[发明专利]一种基于CRISPR/Cas9系统对新疆野苹果基因多靶点定点突变的方法

摘要

本发明涉及一种基于CRISPR/Cas9系统对新疆野苹果基因多靶点定点突变的方法，该方法是由克隆MsPDS基因，对MsPDS基因的5个不同的外显子序列设计了sgRNA，并将含有编码所述sgRNA序列的DNA片段连接到pYLCRISPR/Cas9载体中去，转化新疆野苹果叶片外植体，获得定点编辑的愈伤组织及不定芽步骤完成，针对新疆野苹果MsPDS基因的不同外显子序列，选择了5个不同的靶向位点，设计了5个sgRNA，再将sgRNA构建到pYLCRISPR/Cas9载体中去；再通过农杆菌介导的遗传转化，获得了目标基因定点突变的愈伤组织和不定芽，产生了白化的性状。
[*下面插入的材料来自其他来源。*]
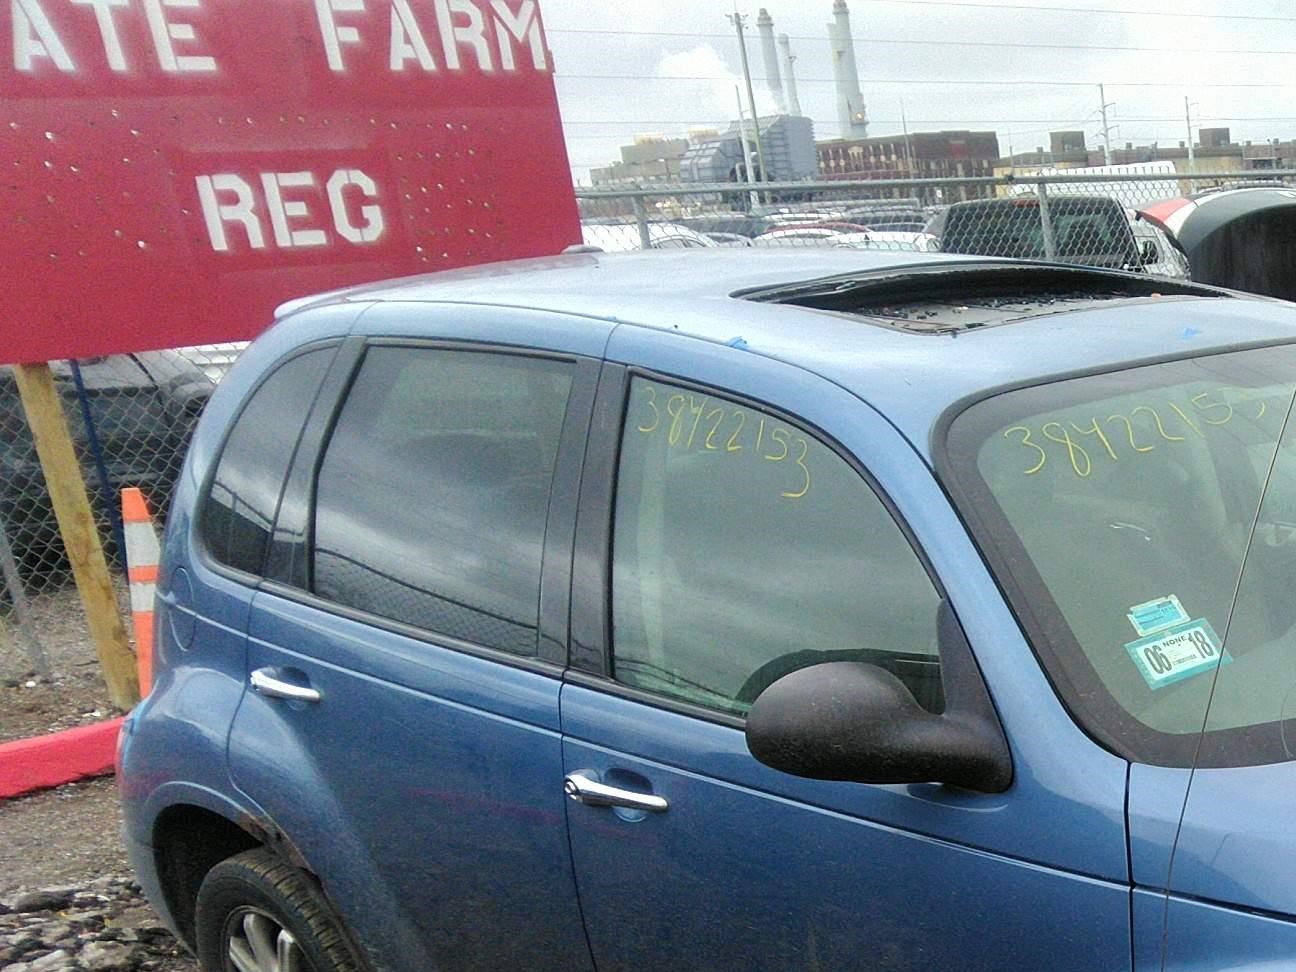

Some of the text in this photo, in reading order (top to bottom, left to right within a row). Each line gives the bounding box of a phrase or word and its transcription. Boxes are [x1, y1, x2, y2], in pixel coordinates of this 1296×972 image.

该方法操作简单，实验周期短，可利用CRISPR/Cas9系统对不同的单基因的多位点或多个基因的不同位点进行定点的改造，为新疆野苹果基因功能研究提供了新的方法和思路。

主权项

1.一种基于CRISPR/Cas9系统对新疆野苹果MsPDS基因多靶点定点突变的方法，其特征在于该方法是由克隆MsPDS基因，对MsPDS基因的5个不同的外显子序列设计了sgRNA，并将含有编码所述sgRNA序列的DNA片段连接到pYLCRISPR/Cas9载体中去，转化新疆野苹果叶片外植体，获得定点编辑的愈伤组织及不定芽步骤完成，具体操作按下列步骤进行：克隆MsPDS基因：a、首先通过两对引物Ms‑PDS‑F1，Ms‑PDS‑R1；Ms‑PDS‑F2，Ms‑PDS‑R2扩增得到了MsPDS基因的大部分全长，共5232bp，包含有9个外显子；对MsPDS基因的5个不同的外显子序列设计sgRNA：b、在MsPDS基因第3、4、5、6号外显子的序列选择了A、B、C、D、E 5个不同的靶位点，设计了5个不同的sgRNA，分别命名为sgRNA1，sgRNA2，sgRNA3，sgRNA4，sgRNA5；并针对不同的sgRNA序列设计了5对用于构建pYLCRISPR/Cas9载体的引物；构建以双靶点为例的多靶点pYLCRISPR/Cas9载体：c、将5种sgRNA以sgRNA1 & sgRNA2， gRNA1 & sgRNA3，sgRNA3 & sgRNA4，sgRNA1 & sgRNA5，两两不同的组合方式，分别构建了4种双靶点的pYLCRISPR/Cas9载体；转化根癌农杆菌EHA105：d、将构建好的4种不同pYLCRISPR/Cas9载体，以液氮冻融法转化根癌农杆菌EHA105；转化新疆野苹果叶片外植体：e、在步骤d得到的4种不同pYLCRISPR/Cas9的农杆菌分别浸染新疆野苹果叶片外植体2d前，准备叶片外植体，首先将新疆野苹果叶片去掉叶柄，用解剖刀垂直于中央叶脉横切，将叶片等分为上下两部分，以远轴面接触培养基的方式接种到诱导再生培养基，其中从叶片接种到诱导再生培养基开始，黑暗3周，其后以光照16h/d，光照强度2000Lx进行培养，培养温度为24±1℃；f、将带有4种不同pYLCRISPR/Cas9载体的农杆菌菌株EHA105，在含有50mg/L卡那霉素和50mg/L利福平的固体LB培养基上划线，温度28℃倒置培养36h；g、在50ml的离心管里加入5ml LB培养基，同时加入50mg/L卡那霉素和50mg/L利福平，取平板上的单菌落，温度28℃，180rpm培养24h；h、将摇好的农杆菌菌液按照1:100的接菌量，接入到新的含有50mg/L卡那霉素和50mg/L利福平液体的LB培养基中，扩大培养；5h后，检测菌液浓度；当OD₆₀₀为0.6‑0.8时， 3000g×10min，收集菌体，收集的菌体用农杆菌浸染液重悬至OD₆₀₀约0.6，然后温度28℃活化1h，100rpm；i、每25ml浸染液中放入步骤e中的已经培养2d的50片叶片外植体，室温下以40rpm轻微震荡培养20‑25min，然后用无菌的滤纸吸干叶片外植体表面的菌液，将叶片外植体再次放入诱导再生培养基与农杆菌共培养2d；j、共培养结束后，用无菌滤纸吸干叶片外植体上多余生长的农杆菌，叶片外植体转移至延迟筛选培养基；k、延迟筛选培养2d后，将叶片转移至筛选抑菌培养基中培养，每30d更换一次培养基，直至愈伤组织和不定芽的再生。